And leave you (inscrutably to unravel)
Your life: the fearful and ripening and enormous
Being that -- bounded by everything, or boundless --
For a moment becomes stone, for a moment stars.

Rainer Maria Rilke (translated by Randall Jarrell), in Randall Jarrell, The Woman at the Washington Zoo (1960).

                               James Bateman, "Lullington Church" (1939)

For purposes of comparison, here is another translation of the same poem.

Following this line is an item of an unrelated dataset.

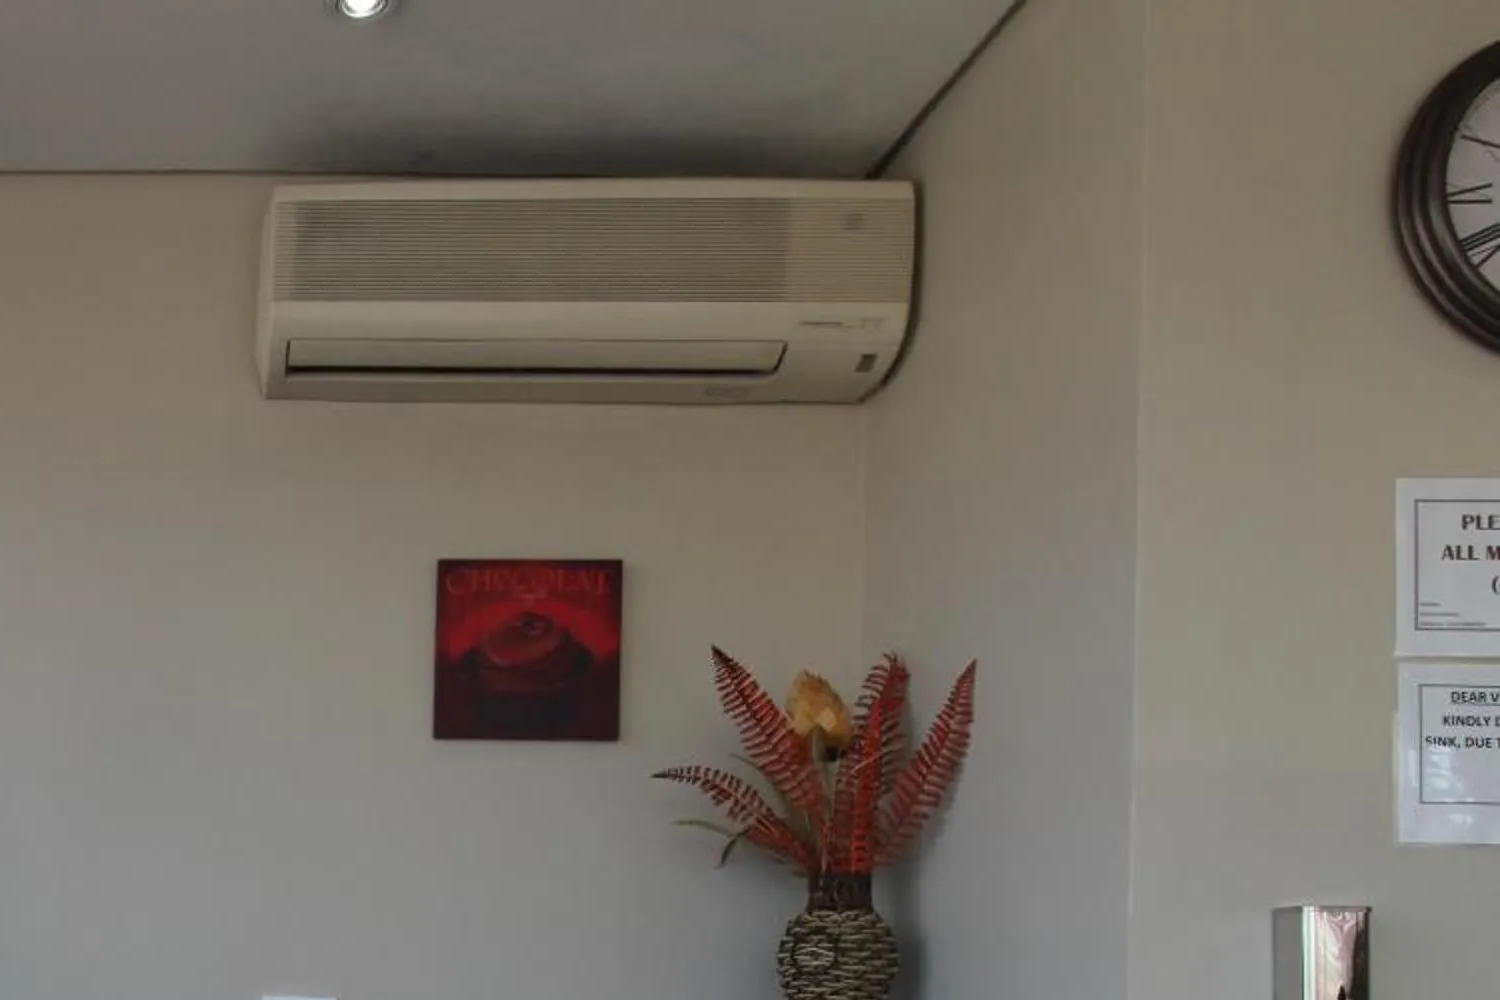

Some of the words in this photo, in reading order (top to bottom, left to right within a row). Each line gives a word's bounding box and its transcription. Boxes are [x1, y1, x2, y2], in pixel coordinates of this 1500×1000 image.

                         Evening

The sky puts on the darkening blue coat
held for it by a row of ancient trees;
you watch: and the lands grow distant in your sight,
one journeying to heaven, one that falls;

and leave you, not at home in either one,
not quite so still and dark as the darkened houses,
not calling to eternity with the passion
of what becomes a star each night, and rises;

and leave you (inexpressibly to unravel)
your life, with its immensity and fear,
so that, now bounded, now immeasurable,
it is alternately stone in you and star.

Stephen Mitchell (editor and translator), The Selected Poetry of Rainer Maria Rilke (1982).

              James Bateman, "The Pool, Blockley, Gloucestershire" (1926)

Sunday, July 29, 2012

"The Breath Of Night"

The following poem by Randall Jarrell is, I think, a nice companion piece to A. E. Housman's planetary "parable" that appeared in my previous post. Jarrell was fond of the stories of the Brothers Grimm, and the poem feels a bit like the beginning of a fairy tale -- idyllic, but with a darkening path, disappearing into a deep forest, ahead.

                                  Lucien Pissarro, "April, Epping" (1894)

          The Breath of Night

The moon rises.  The red cubs rolling
In the ferns by the rotten oak
Stare over a marsh and a meadow
To the farm's white wisp of smoke.

A spark burns, high in heaven.
Deer thread the blossoming rows
Of the old orchard, rabbits
Hop by the well-curb.  The cock crows

From the tree by the widow's walk;
Two stars, in the trees to the west,
Are snared, and an owl's soft cry
Runs like a breath through the forest.

Here too, though death is hushed, though joy
Obscures, like night, their wars,
The beings of this world are swept
By the Strife that moves the stars.

Randall Jarrell, Losses (1948).

Jarrell's poem and Housman's "Revolution" both bring to mind Wordsworth's lines:  "Rolled round in earth's diurnal course,/With rocks, and stones, and trees."

             Lucien Pissarro, "The Dunmow Road from Tilty Wood" (1915)

Monday, July 23, 2012

"I Am Just Going Outside And May Be Some Time"

Randall Jarrell's "90 North" prompted me (in pedestrian fashion) to think of the following polar poem by Derek Mahon, which takes place at 90 South rather than at 90 North.  The poem is a villanelle, and one of the refrains is:  "I am just going outside and may be some time."  These words were spoken by Captain Lawrence Oates in March of 1912.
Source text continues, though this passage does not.